— Task details —
In the data below, find the line containing "this 1500×1000 image."; transcribe it and each line after it exactly, through the last, skipping pictures.

-- Data for this task follows --

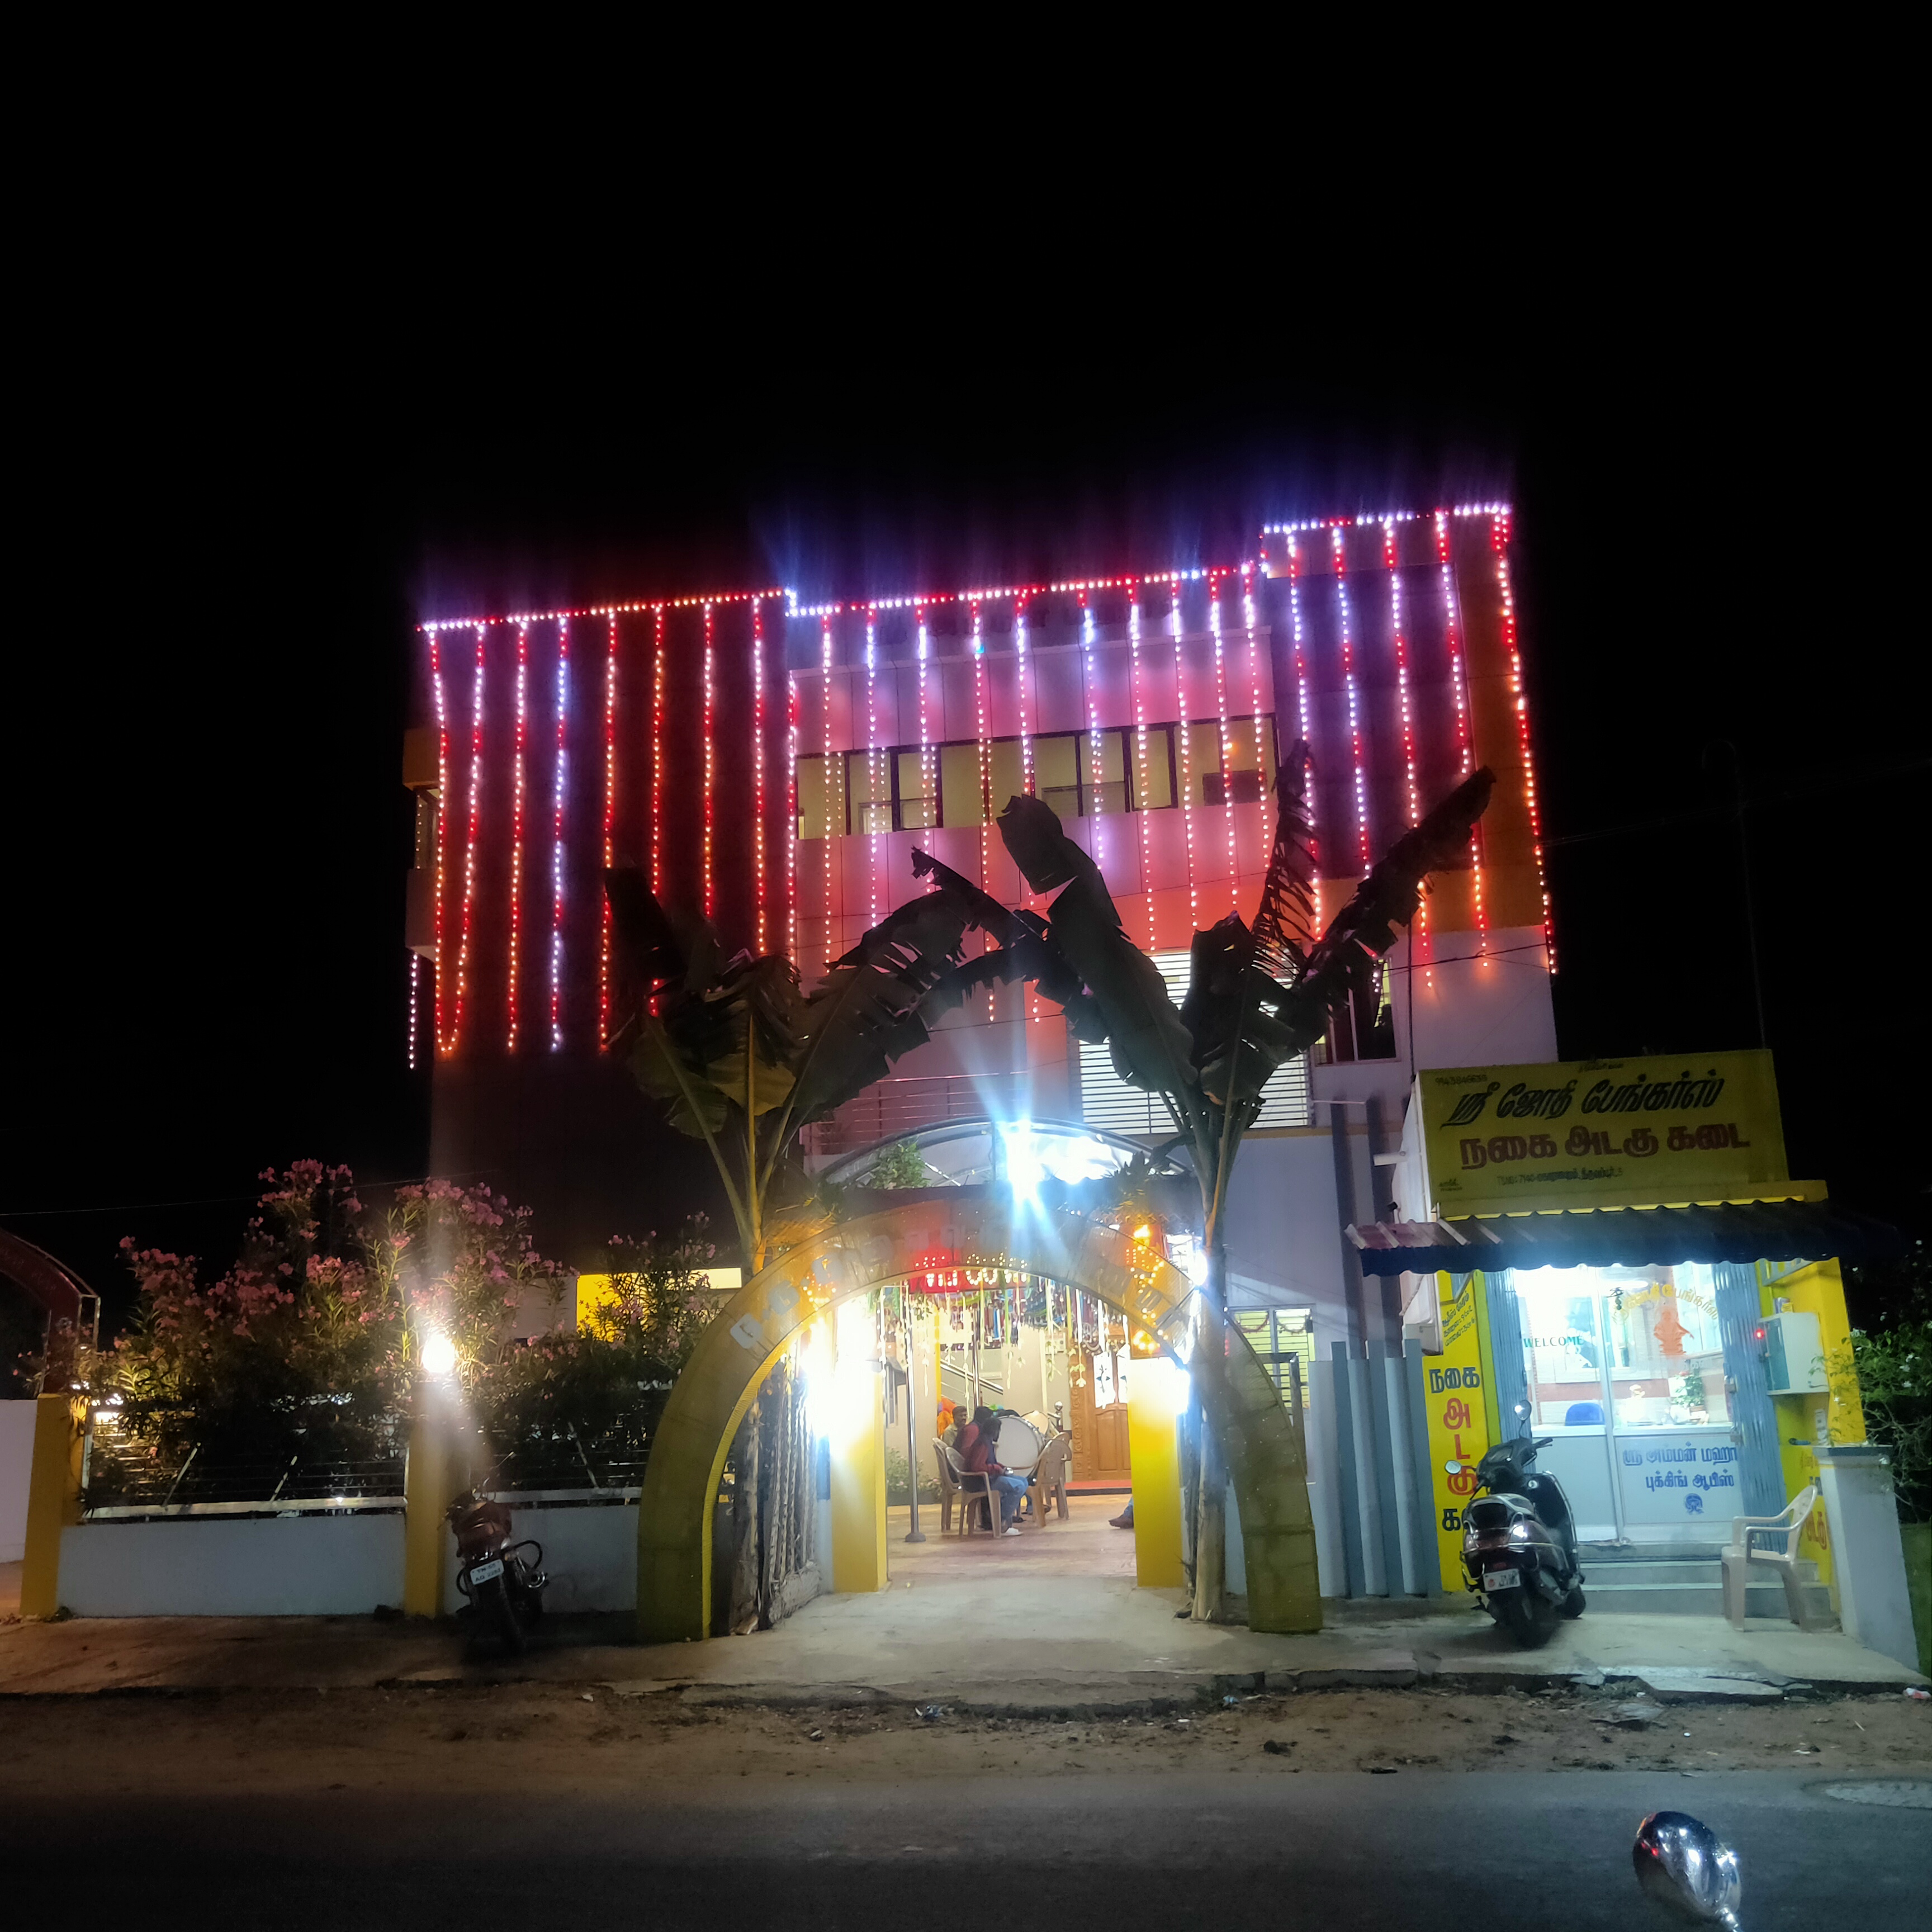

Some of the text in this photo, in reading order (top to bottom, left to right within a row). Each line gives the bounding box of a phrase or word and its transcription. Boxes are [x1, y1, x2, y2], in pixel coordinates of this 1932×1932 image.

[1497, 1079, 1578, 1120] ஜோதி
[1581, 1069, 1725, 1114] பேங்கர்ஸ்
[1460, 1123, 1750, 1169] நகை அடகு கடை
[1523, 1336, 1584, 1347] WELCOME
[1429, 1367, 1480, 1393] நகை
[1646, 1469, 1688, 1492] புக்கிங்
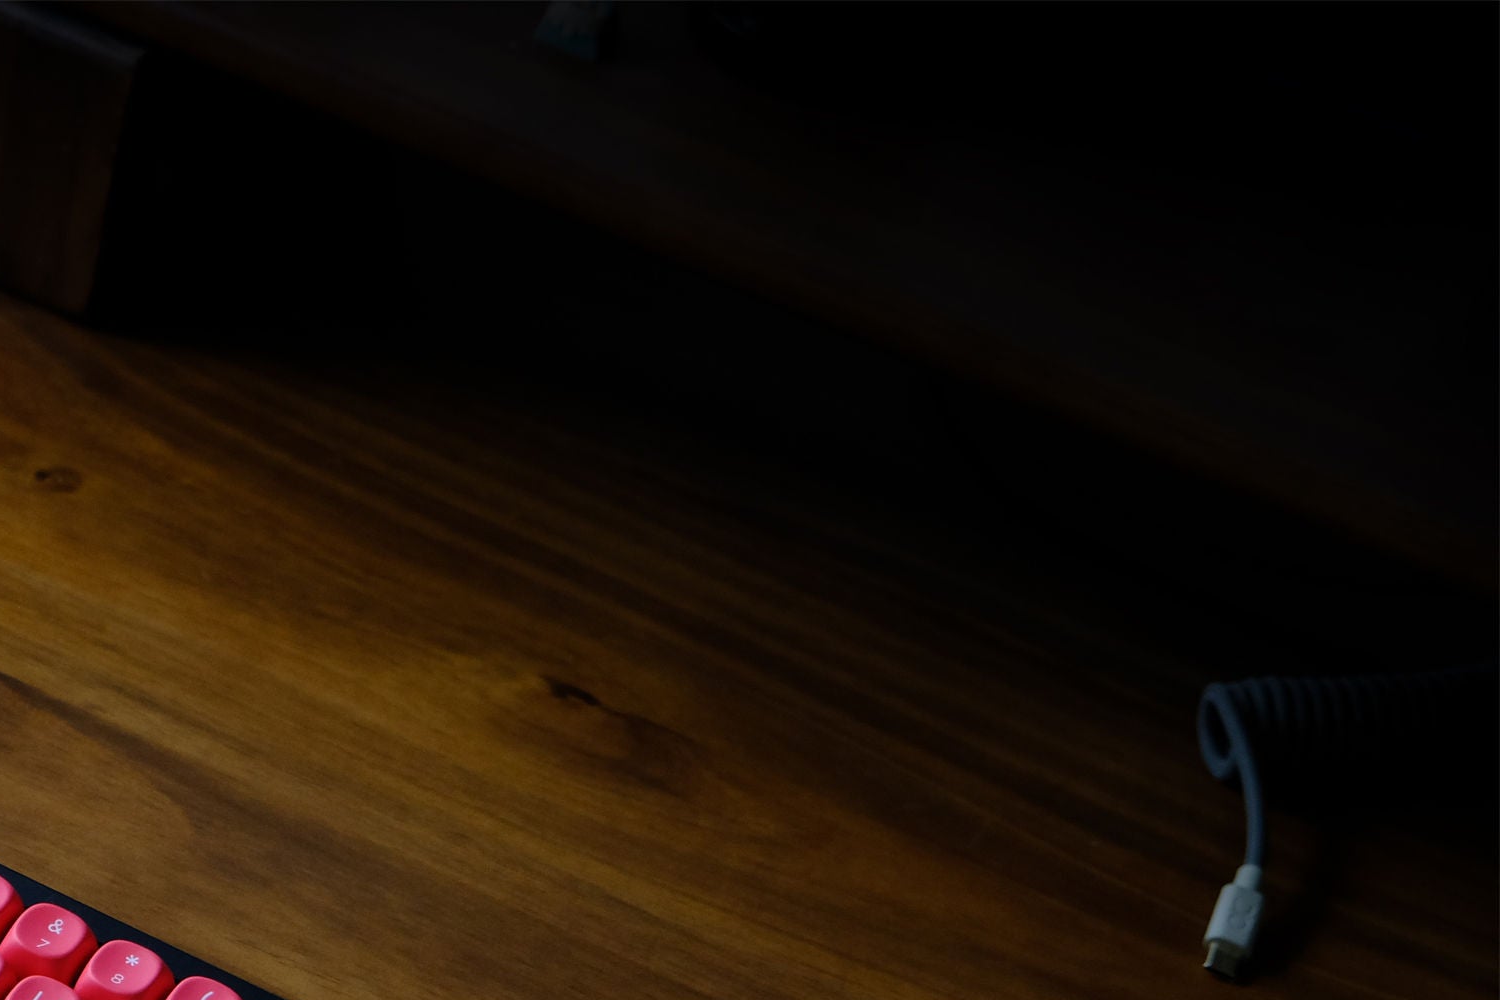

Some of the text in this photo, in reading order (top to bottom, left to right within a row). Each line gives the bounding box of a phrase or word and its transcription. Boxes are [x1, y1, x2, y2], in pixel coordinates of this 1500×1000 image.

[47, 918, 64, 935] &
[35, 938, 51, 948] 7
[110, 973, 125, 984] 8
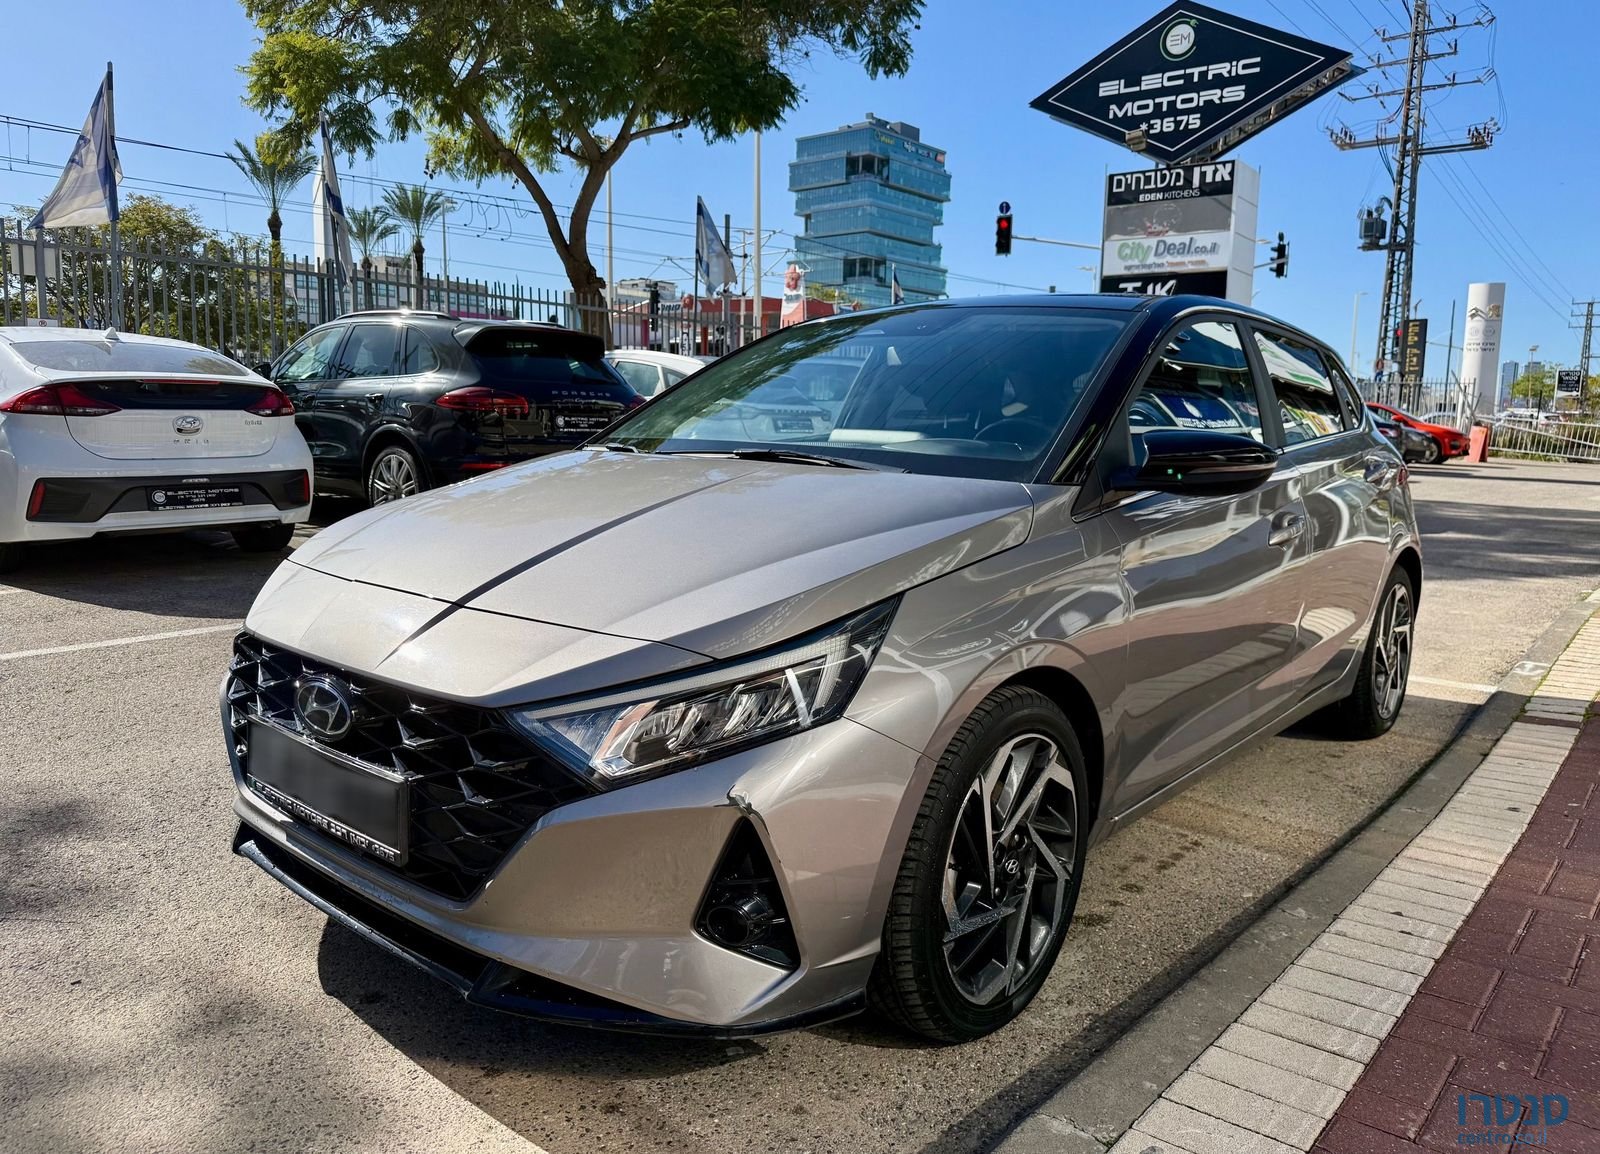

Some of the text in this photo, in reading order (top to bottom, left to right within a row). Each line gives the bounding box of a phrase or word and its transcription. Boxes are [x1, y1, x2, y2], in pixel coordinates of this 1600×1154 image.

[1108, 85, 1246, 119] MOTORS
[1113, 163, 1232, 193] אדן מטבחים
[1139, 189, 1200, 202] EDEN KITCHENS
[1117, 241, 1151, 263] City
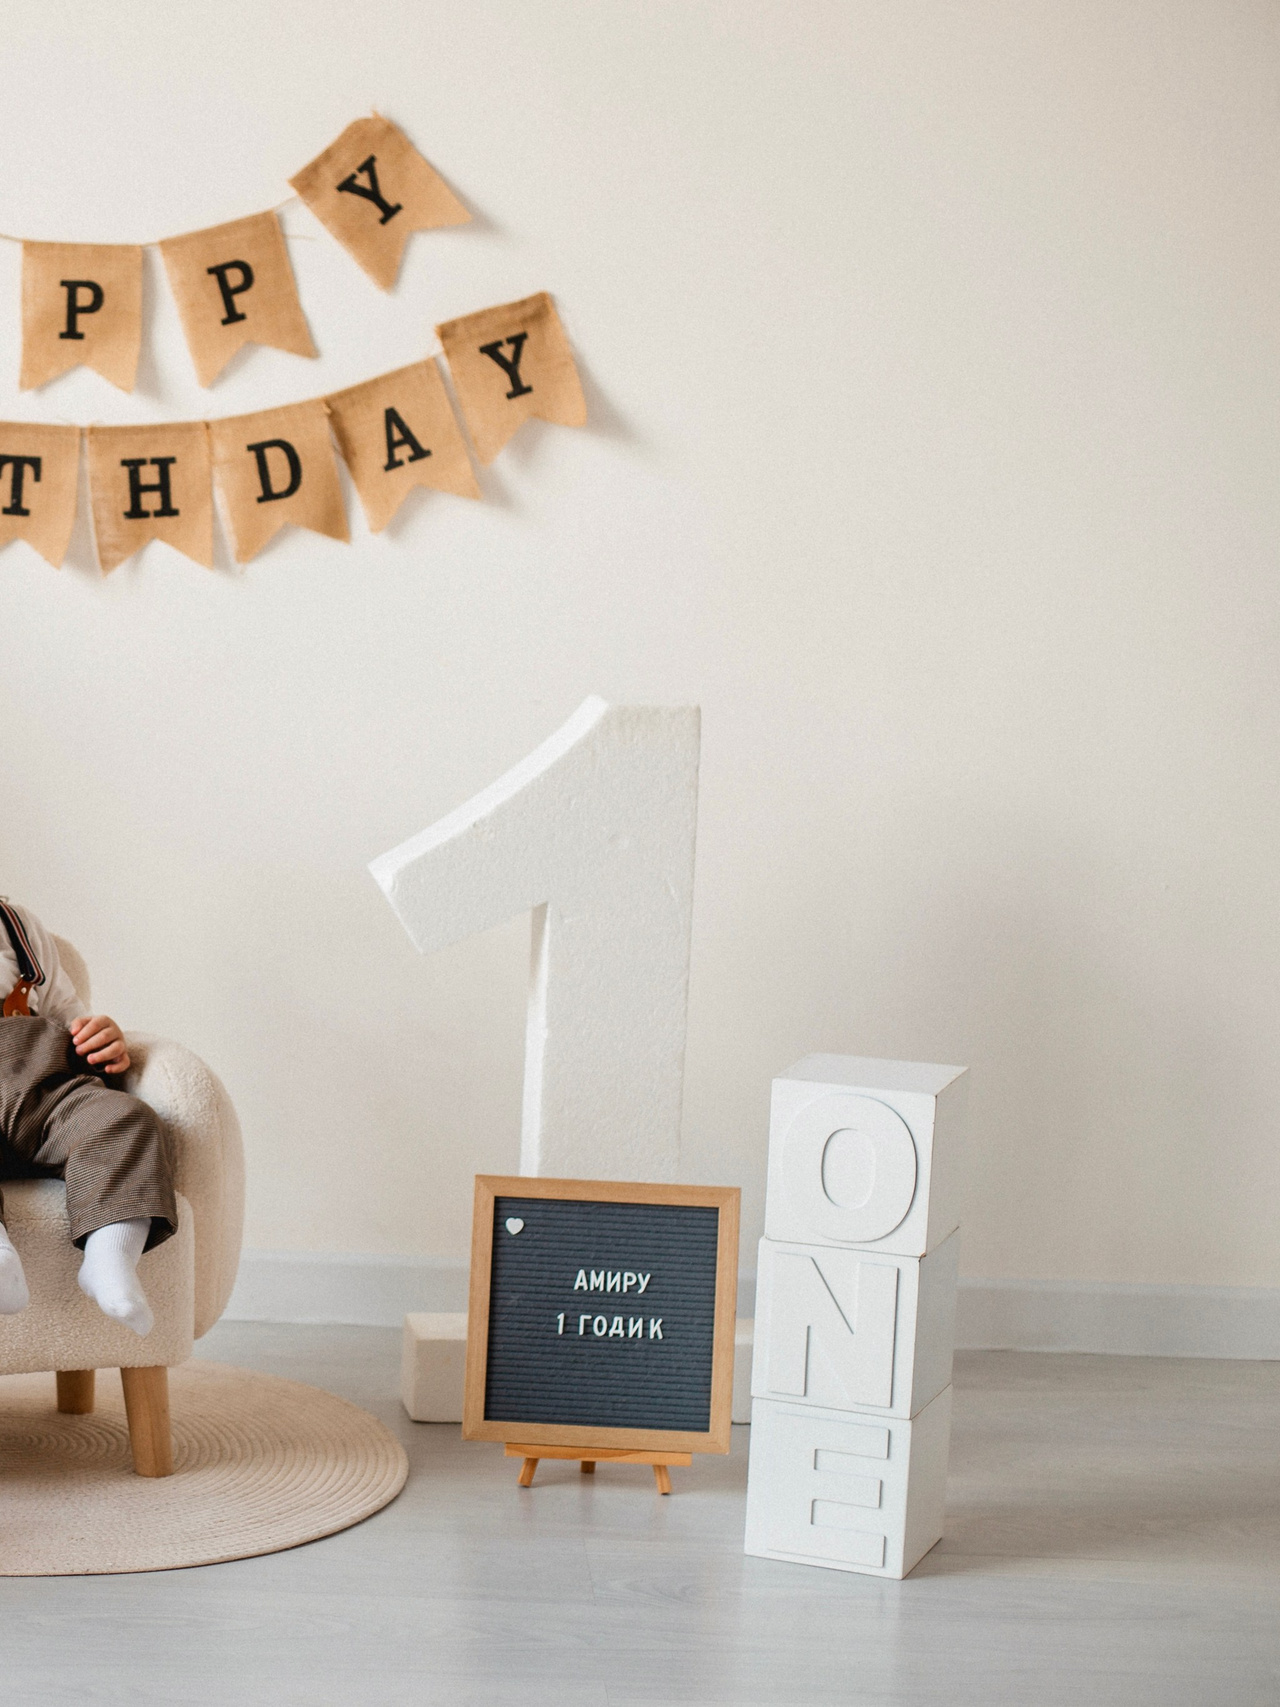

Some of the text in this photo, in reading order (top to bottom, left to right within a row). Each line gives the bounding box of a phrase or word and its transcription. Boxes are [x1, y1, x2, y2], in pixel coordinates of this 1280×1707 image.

-- Data for this task concluded --

— Result for this exercise —
Some of the text in this photo, in reading order (top to bottom, left to right within a row). Each line gives the bounding box of a phrase or word and its transcription. Boxes are [x1, y1, x2, y2], in pixel coordinates of this 1500×1000 image.

[47, 918, 64, 935] &
[35, 938, 51, 948] 7
[110, 973, 125, 984] 8

Some of the text in this photo, in reading order (top to bottom, left to right within a row). Each line gives the bounding box of a phrase or word and its transcription. Boxes are [x1, y1, x2, y2], in pixel coordinates of this 1600×1154 image.

[1108, 85, 1246, 119] MOTORS
[1113, 163, 1232, 193] אדן מטבחים
[1139, 189, 1200, 202] EDEN KITCHENS
[1117, 241, 1151, 263] City

Some of the text in this photo, in reading order (top to bottom, left to right within a row). Each line gives the bounding box of a phrase or word and its transcription. Boxes are [x1, y1, x2, y2], in pixel coordinates of this 1280×1707 image.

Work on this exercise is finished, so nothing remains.